Extract the records below word for word and ignore the images.

**Records**:

——————————

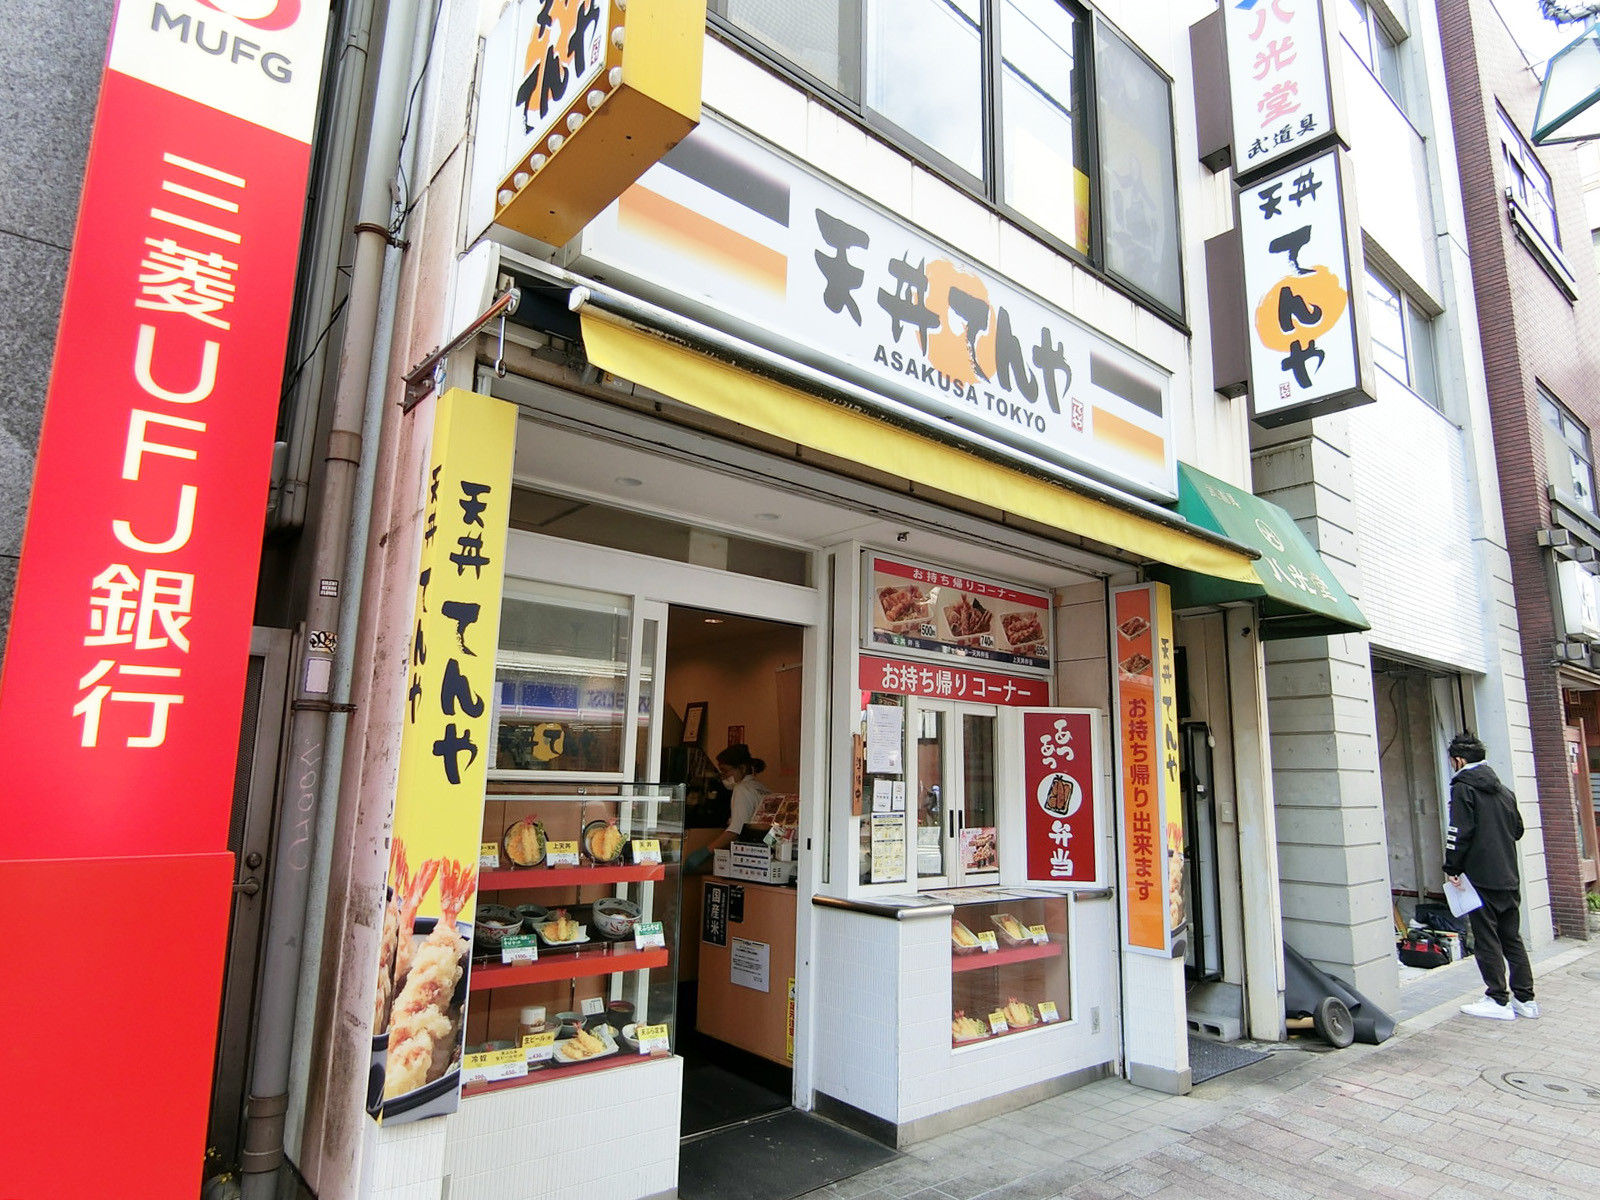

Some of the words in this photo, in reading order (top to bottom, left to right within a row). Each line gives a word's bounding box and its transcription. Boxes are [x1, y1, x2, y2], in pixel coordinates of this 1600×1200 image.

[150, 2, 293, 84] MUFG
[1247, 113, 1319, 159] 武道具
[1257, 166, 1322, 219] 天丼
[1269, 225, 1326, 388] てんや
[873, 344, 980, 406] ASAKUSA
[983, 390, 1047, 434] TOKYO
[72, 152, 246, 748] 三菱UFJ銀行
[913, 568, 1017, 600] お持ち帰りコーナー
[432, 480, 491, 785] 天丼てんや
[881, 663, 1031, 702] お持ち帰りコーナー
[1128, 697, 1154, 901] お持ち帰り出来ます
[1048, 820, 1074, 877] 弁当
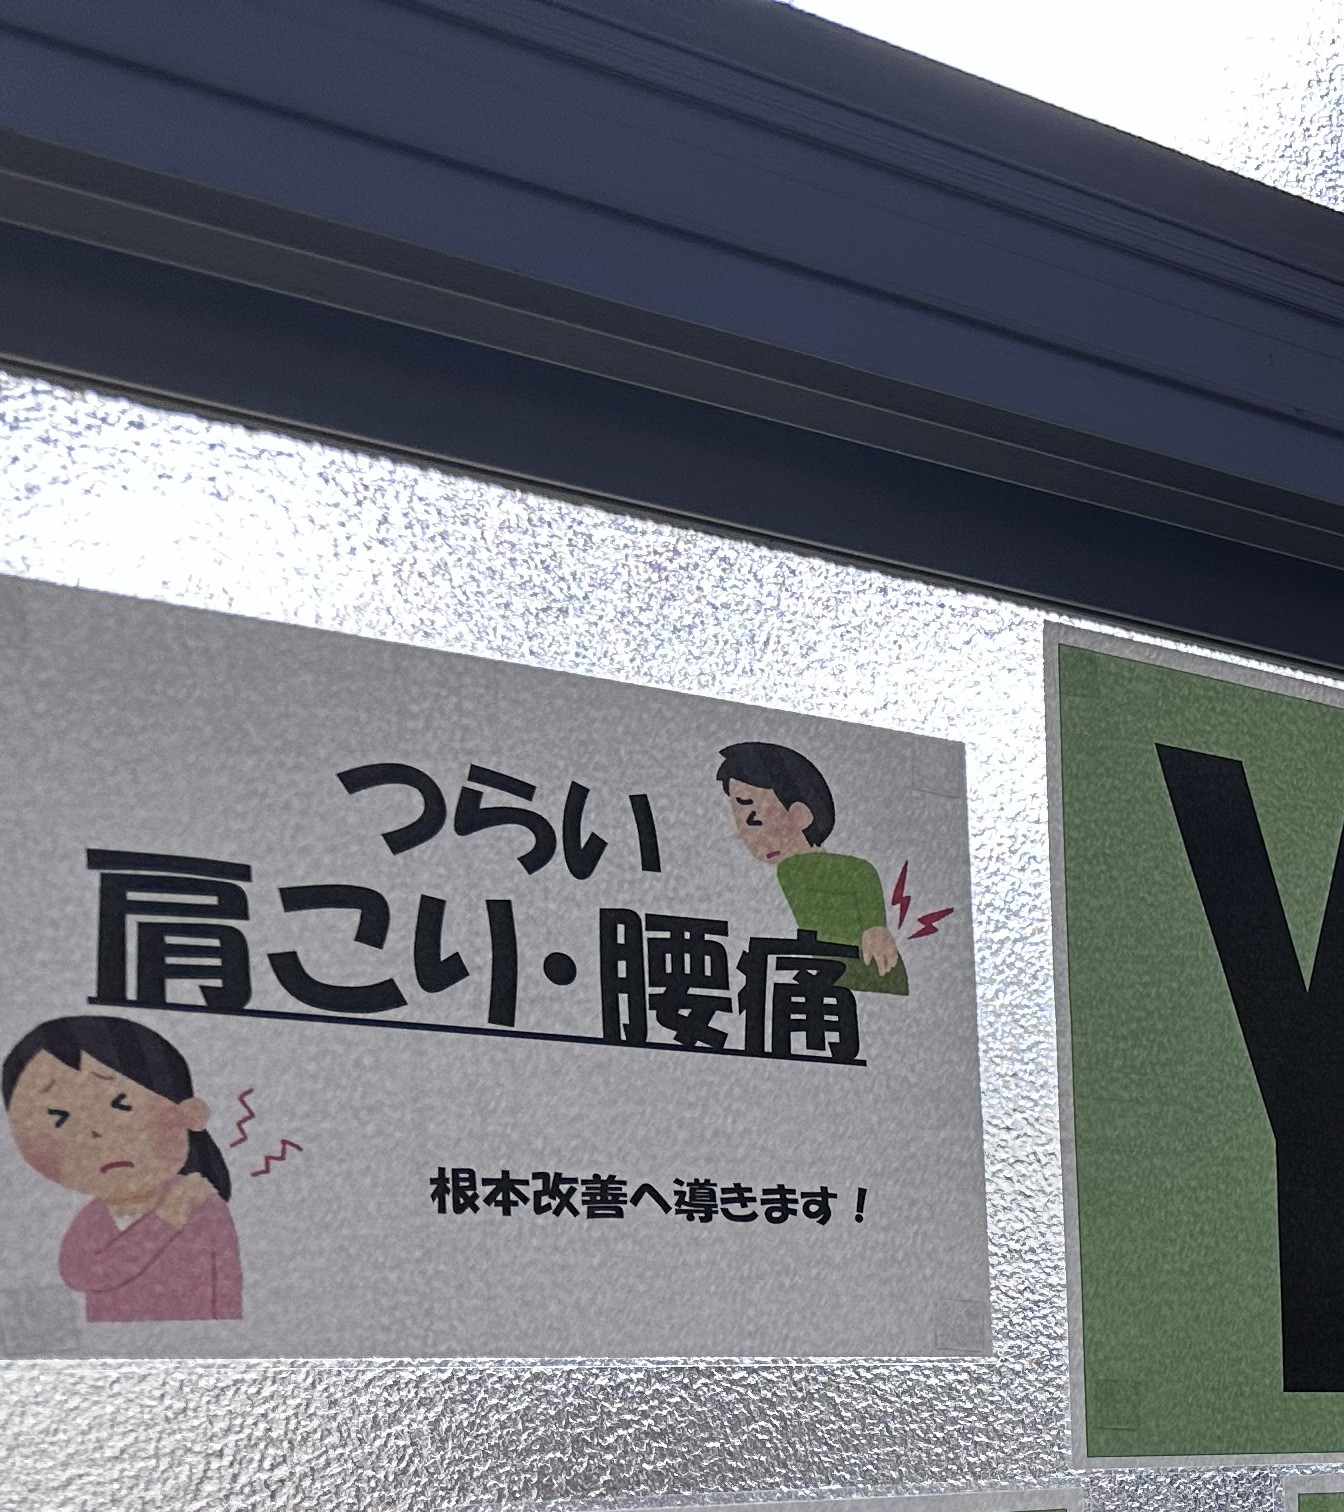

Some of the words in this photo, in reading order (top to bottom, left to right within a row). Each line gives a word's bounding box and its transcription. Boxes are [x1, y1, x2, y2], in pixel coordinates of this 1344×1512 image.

——————————

**Answer to this problem**:
Some of the words in this photo, in reading order (top to bottom, left to right within a row). Each line gives a word's bounding box and its transcription. Boxes are [x1, y1, x2, y2], in pixel coordinates of this 1600×1200 image.

[150, 2, 293, 84] MUFG
[1247, 113, 1319, 159] 武道具
[1257, 166, 1322, 219] 天丼
[1269, 225, 1326, 388] てんや
[873, 344, 980, 406] ASAKUSA
[983, 390, 1047, 434] TOKYO
[72, 152, 246, 748] 三菱UFJ銀行
[913, 568, 1017, 600] お持ち帰りコーナー
[432, 480, 491, 785] 天丼てんや
[881, 663, 1031, 702] お持ち帰りコーナー
[1128, 697, 1154, 901] お持ち帰り出来ます
[1048, 820, 1074, 877] 弁当

Some of the words in this photo, in reading order (top to bottom, left to right within a row). Each line gives a word's bounding box and its transcription. Boxes are [x1, y1, x2, y2], in pixel coordinates of this 1344×1512 image.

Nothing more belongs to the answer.